HEAD-SMASHED-IN BUFFALO JUMP co-created and directed by Brendan Gall, co-created and performed by Chris Hanratty, Tricia Lahde, Shira Leuchter and Christopher Stanton. Presented by UnSpun Theatre at Young Centre (55 Mill). Opens tonight (Thursday, November 30) and runs to December 16, Monday-Saturday 8 pm, matinees Wednesday and Saturday 2 pm. $16-$20, $10 Monday rush. 416-866-8666. Rating: NNNNN
Unspun theatre understands the wisdom of adjusting the seasonings to improve a theatrical stew.
Two summers ago the collective troupe, which won a Dora for Thy Neighbour's Wife, had a Fringe hit with Head-Smashed-In Buffalo Jump. The company knew that the piece deserved a life beyond the festival.
But rather than do a simple remount, the company members went back to their computers and the rehearsal hall to come up with Version 2.0.
All the participants wrote scenes for the piece, which weaves together the tale of four troubled Parkdale residents: Michelle, an agoraphobe who withdraws from the world; her willing helper Dennis; Andrea, a caregiver with a secret; and Dusan, a new Canadian who runs a pawnshop.
"We saw the Fringe as a workshop experience," says UnSpun's co-artistic director Chris Hanratty, who plays Dennis. "One of the things we realized was that the Fringe show was too cerebral, didn't involve enough movement.
"So we set up a movement workshop with performer and teacher Ker Wells to create new stories through our bodies as well as our words."
One of the things the company learned was the importance of working on their feet, not simply writing and reading around a table.

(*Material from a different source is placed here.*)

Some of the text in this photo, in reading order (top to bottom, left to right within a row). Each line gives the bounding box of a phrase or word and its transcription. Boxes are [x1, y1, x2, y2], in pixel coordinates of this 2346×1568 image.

Actor Tricia Lahde is new to the production but not to the company - she performed in UnSpun's minotaur in the 2006 Fringe. She admits to going into new territory with the show.

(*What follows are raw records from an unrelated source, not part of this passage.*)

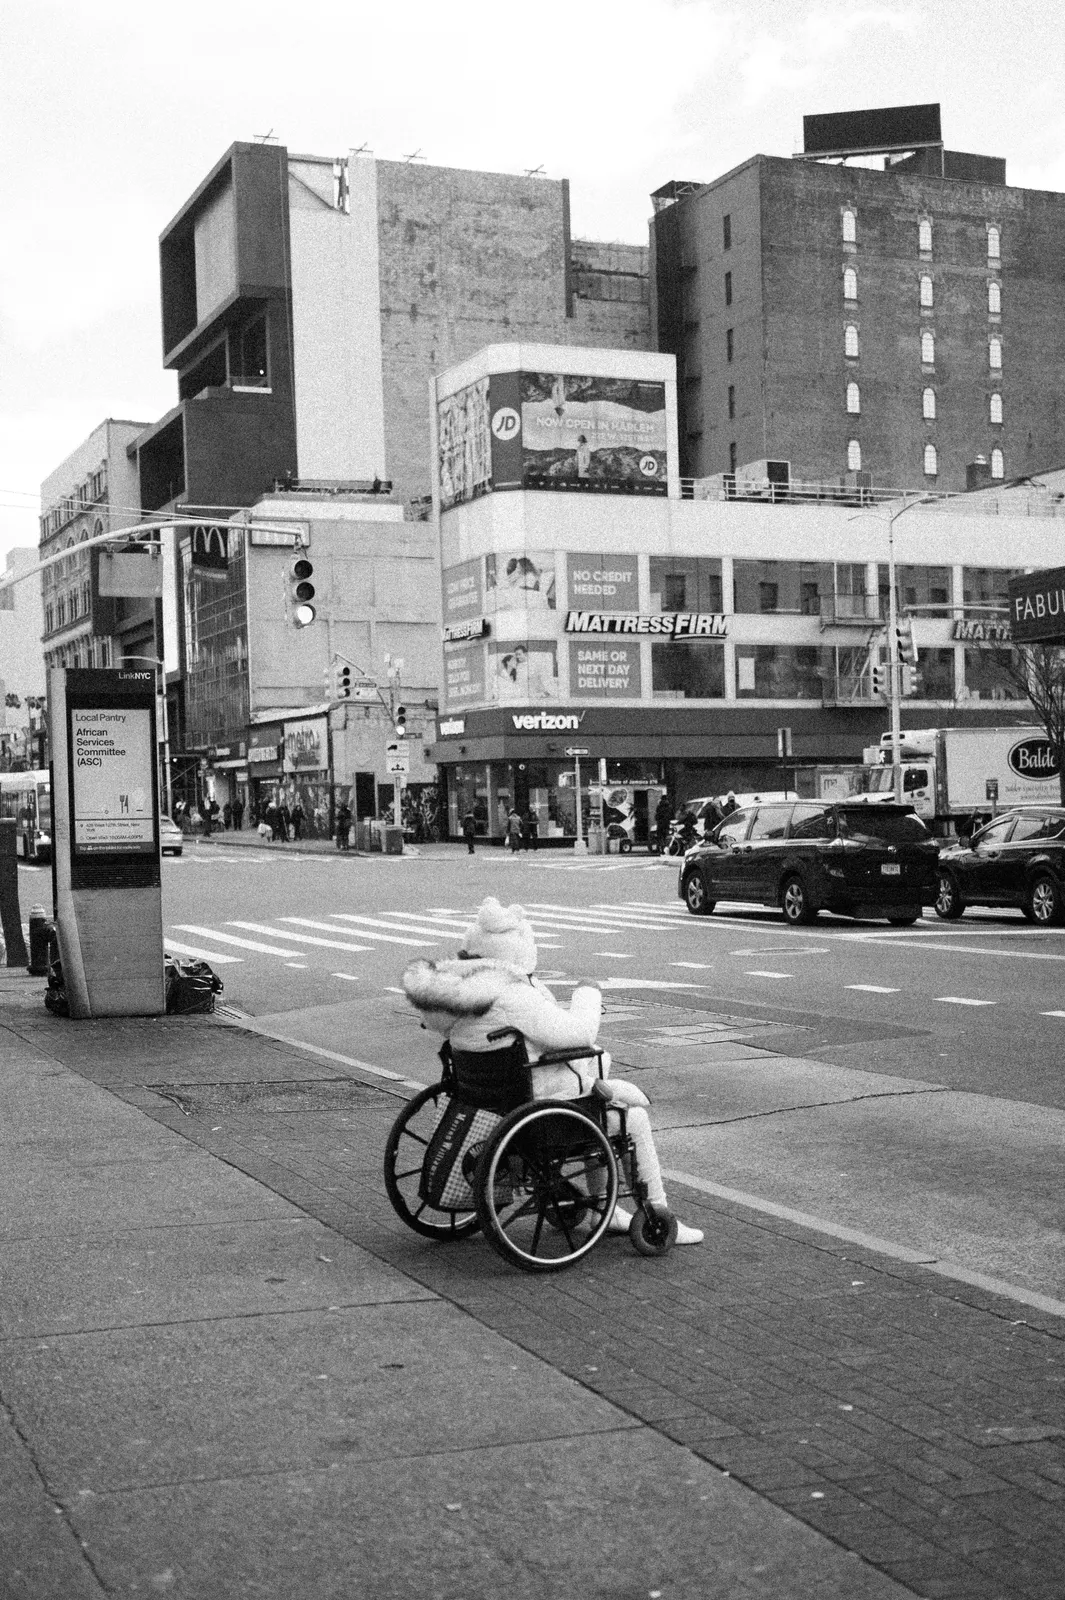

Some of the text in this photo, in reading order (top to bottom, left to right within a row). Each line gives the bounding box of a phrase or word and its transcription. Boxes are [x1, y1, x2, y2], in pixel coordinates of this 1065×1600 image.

[496, 415, 516, 432] JD
[536, 416, 563, 428] NOW
[565, 418, 596, 430] OPEN
[598, 420, 609, 431] IN
[642, 461, 655, 471] JD
[573, 570, 633, 582] NO CREDIT
[573, 584, 617, 595] NEEDED
[577, 650, 628, 661] SAME OR
[577, 663, 630, 675] NEXT DAY
[118, 672, 151, 680] LinkNYC
[578, 677, 630, 689] DELIVERY
[75, 713, 126, 723] Local Pantry
[512, 711, 579, 730] verizon
[76, 728, 108, 736] African
[76, 738, 115, 746] Services
[76, 748, 126, 756] Committee
[77, 757, 102, 767] (ASC)

"The script was a given, but we had to tear it apart to see what succeeded as well as what we liked about it and then add new elements to improve it.
"Working with the company turned out to be incredibly supportive. This was my first stab at writing, which was terrifying and exhilarating. It's a great feeling to see my thoughts actually part of the structure of the play."

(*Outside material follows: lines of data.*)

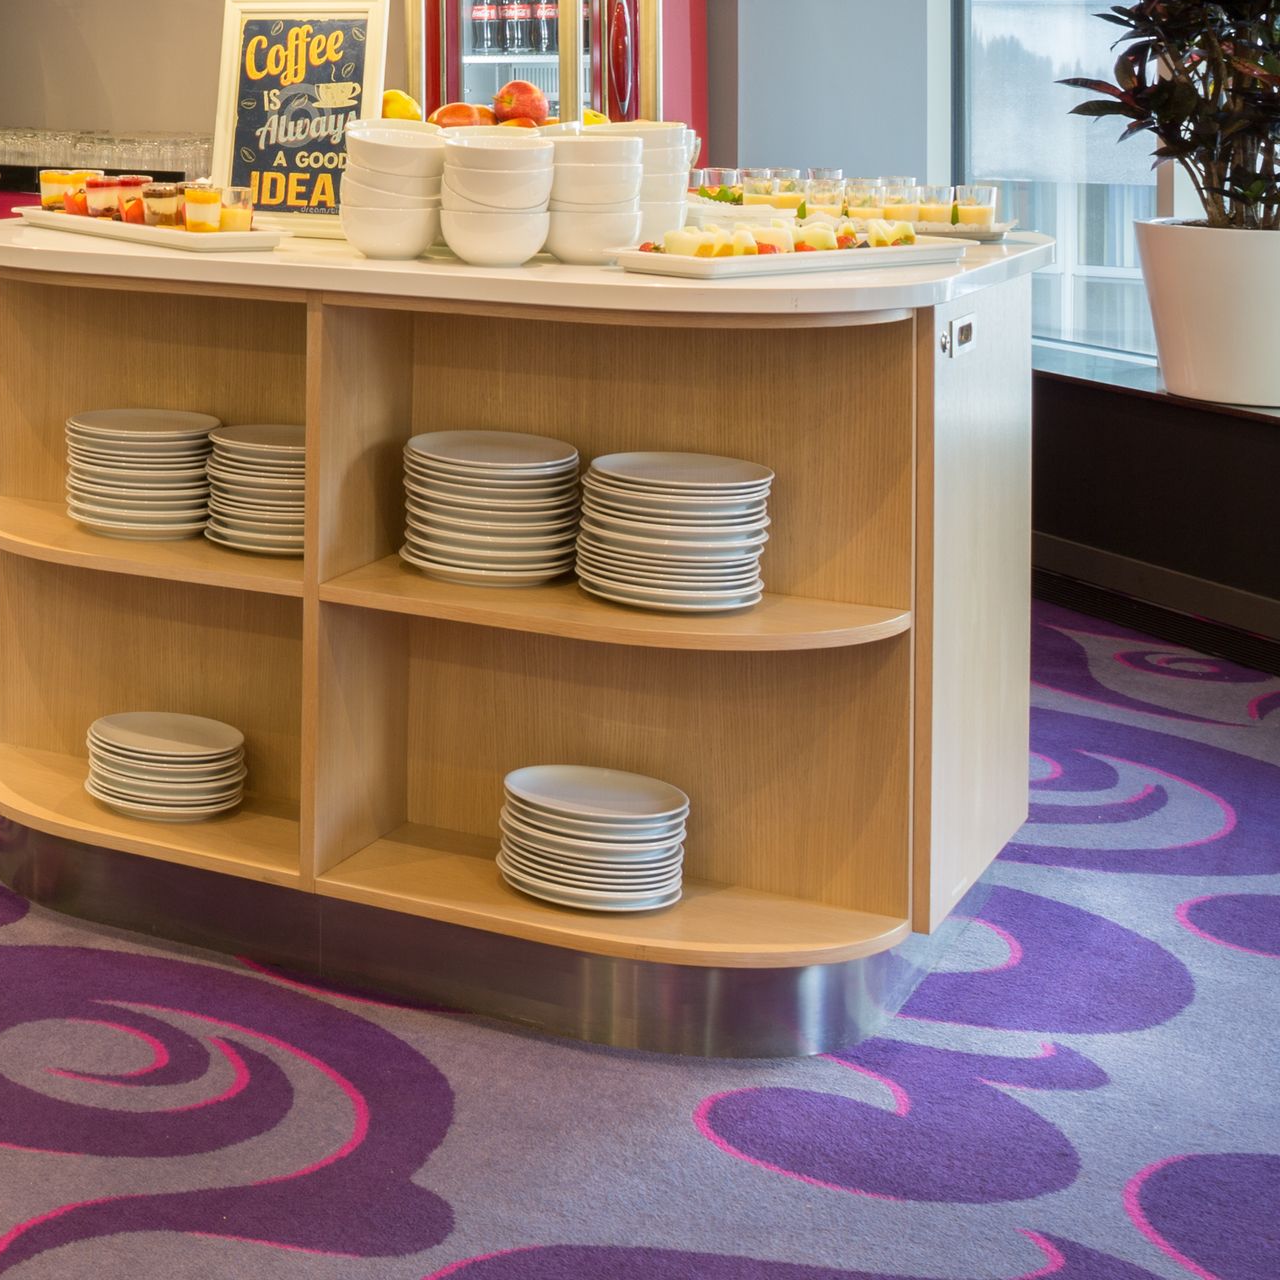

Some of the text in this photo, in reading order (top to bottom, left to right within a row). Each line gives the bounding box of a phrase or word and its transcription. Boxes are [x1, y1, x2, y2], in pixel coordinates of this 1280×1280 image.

[245, 24, 344, 86] Coffee
[263, 89, 282, 111] IS
[272, 151, 348, 169] A GOOD
[250, 171, 336, 207] IDEA
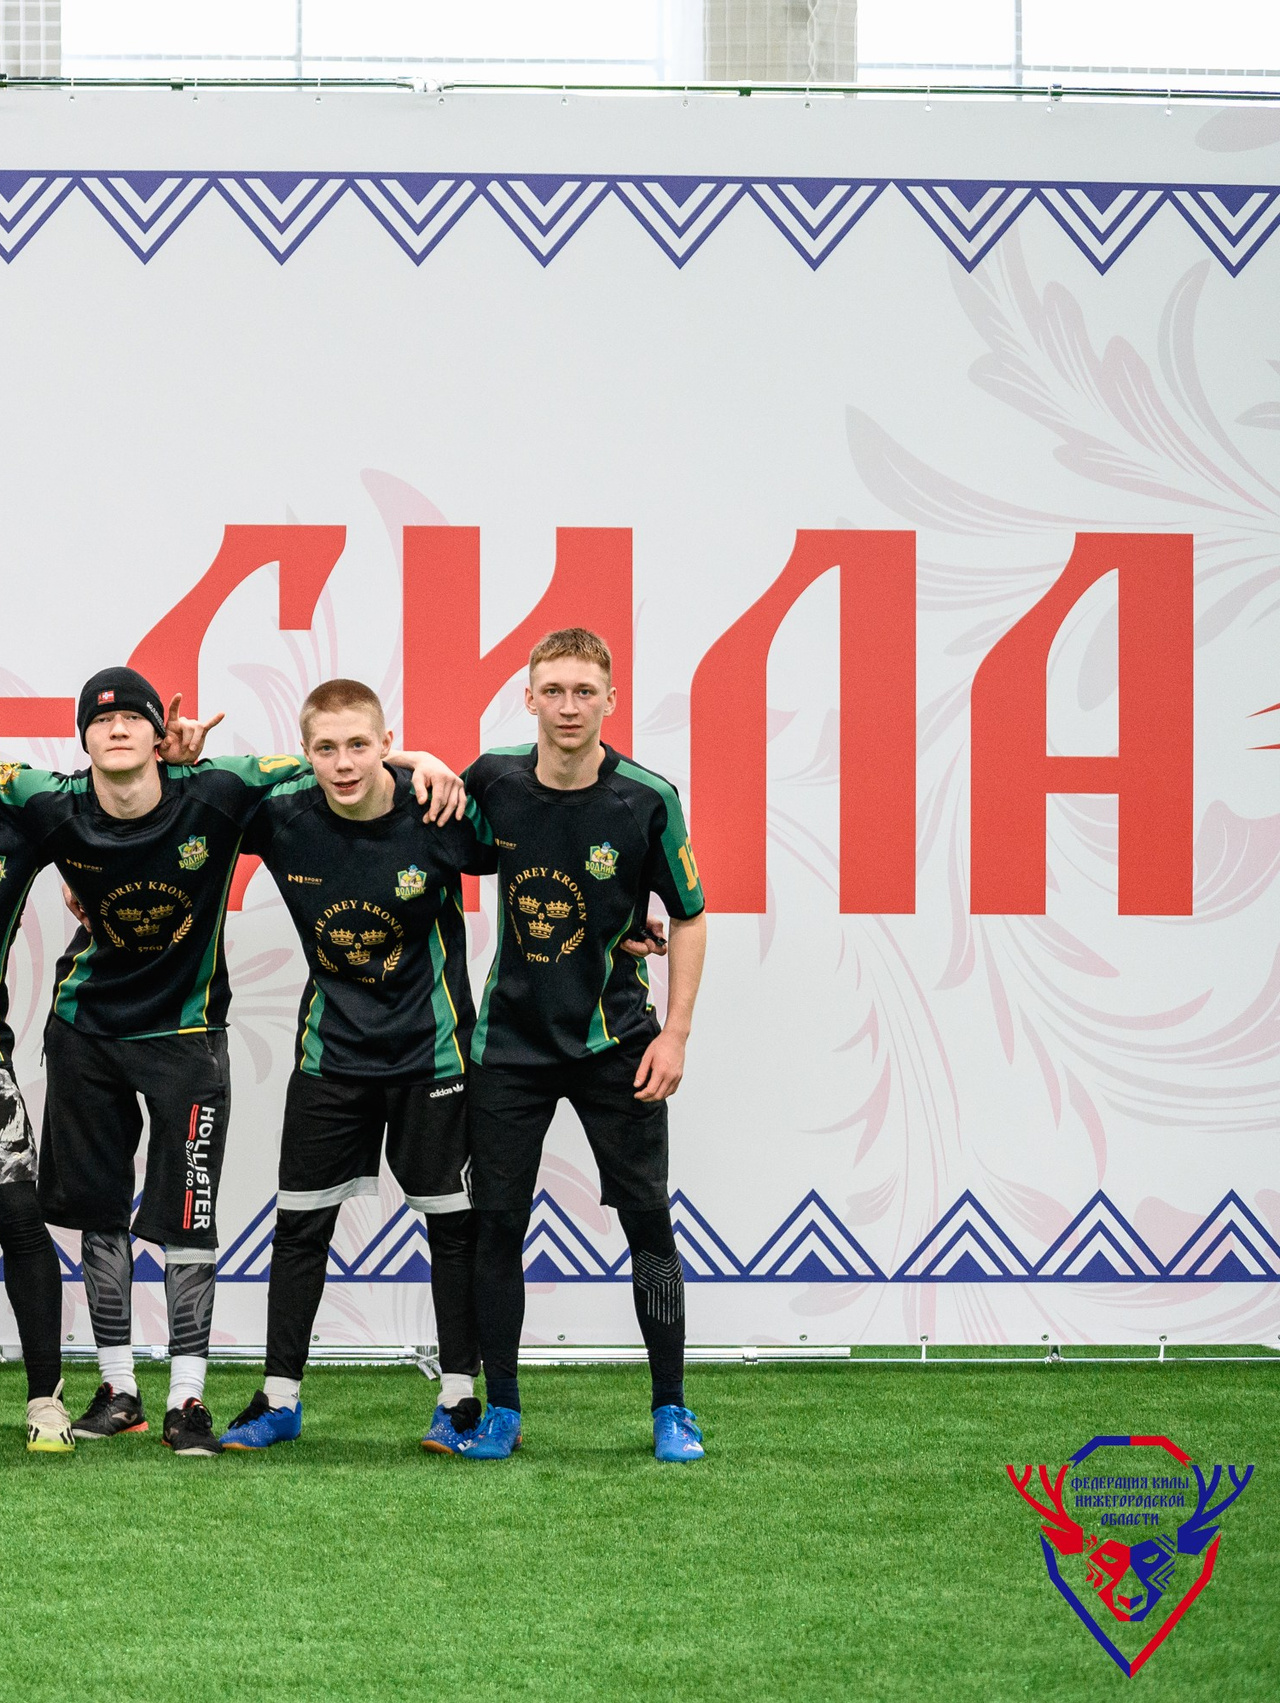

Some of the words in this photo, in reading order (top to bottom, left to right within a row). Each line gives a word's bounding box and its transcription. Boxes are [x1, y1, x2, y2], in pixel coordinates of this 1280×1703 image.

[177, 848, 209, 869] ВОДНИК
[584, 860, 617, 875] ВОДНИК
[99, 898, 111, 916] DIE
[107, 881, 143, 901] DREY
[148, 880, 193, 909] KRONEN
[394, 886, 426, 897] ВОДНИК
[515, 867, 549, 884] DREY
[551, 869, 587, 922] KRONEN
[323, 899, 358, 919] DREY
[361, 902, 404, 938] KRONEN
[525, 952, 550, 963] 5760
[429, 1088, 454, 1099] adidas
[185, 1139, 195, 1169] Surf
[191, 1106, 216, 1230] HOLLISTER

Now the narrative threads remain pretty much the same, but the way characters develop and interact is clearer than before.
"The show is about four people and how their lives intertwine, or maybe about how they could have connected but didn't," notes Lahde. "This time around the audience sees lots of missed moments and hints of what could have happened between the characters, whether it's friendship or something more passionate.
"They're all people who feel incomplete but don't get what they need from each other."
As in the earlier script, Michelle can't leave the cocoon of her apartment and starts calling herself Thea to create a different persona. At the same time, she renames Dennis, calling him Bear.
"Michelle can't function in the world, but in renaming herself she regains some control of herself and her surroundings for a while," says Lahde.
"And with the name change to Bear, the insecure Dennis moves to an instinctive level where he searches for a love that he misses in his life," adds Hanratty.
What about the title, which refers to an Alberta World Heritage Site where a prehistoric native tribe drove buffalo herds over a cliff and harvested their carcasses?
"Several buffalo tales are woven into the play," offers Hanratty, "but the title suggests that all four characters are rushing toward an emotional cliff they can't escape. Sometimes someone's a hunter pushing, sometimes an animal being pushed, but eventually everyone has to confront being at the edge and whether or not to jump."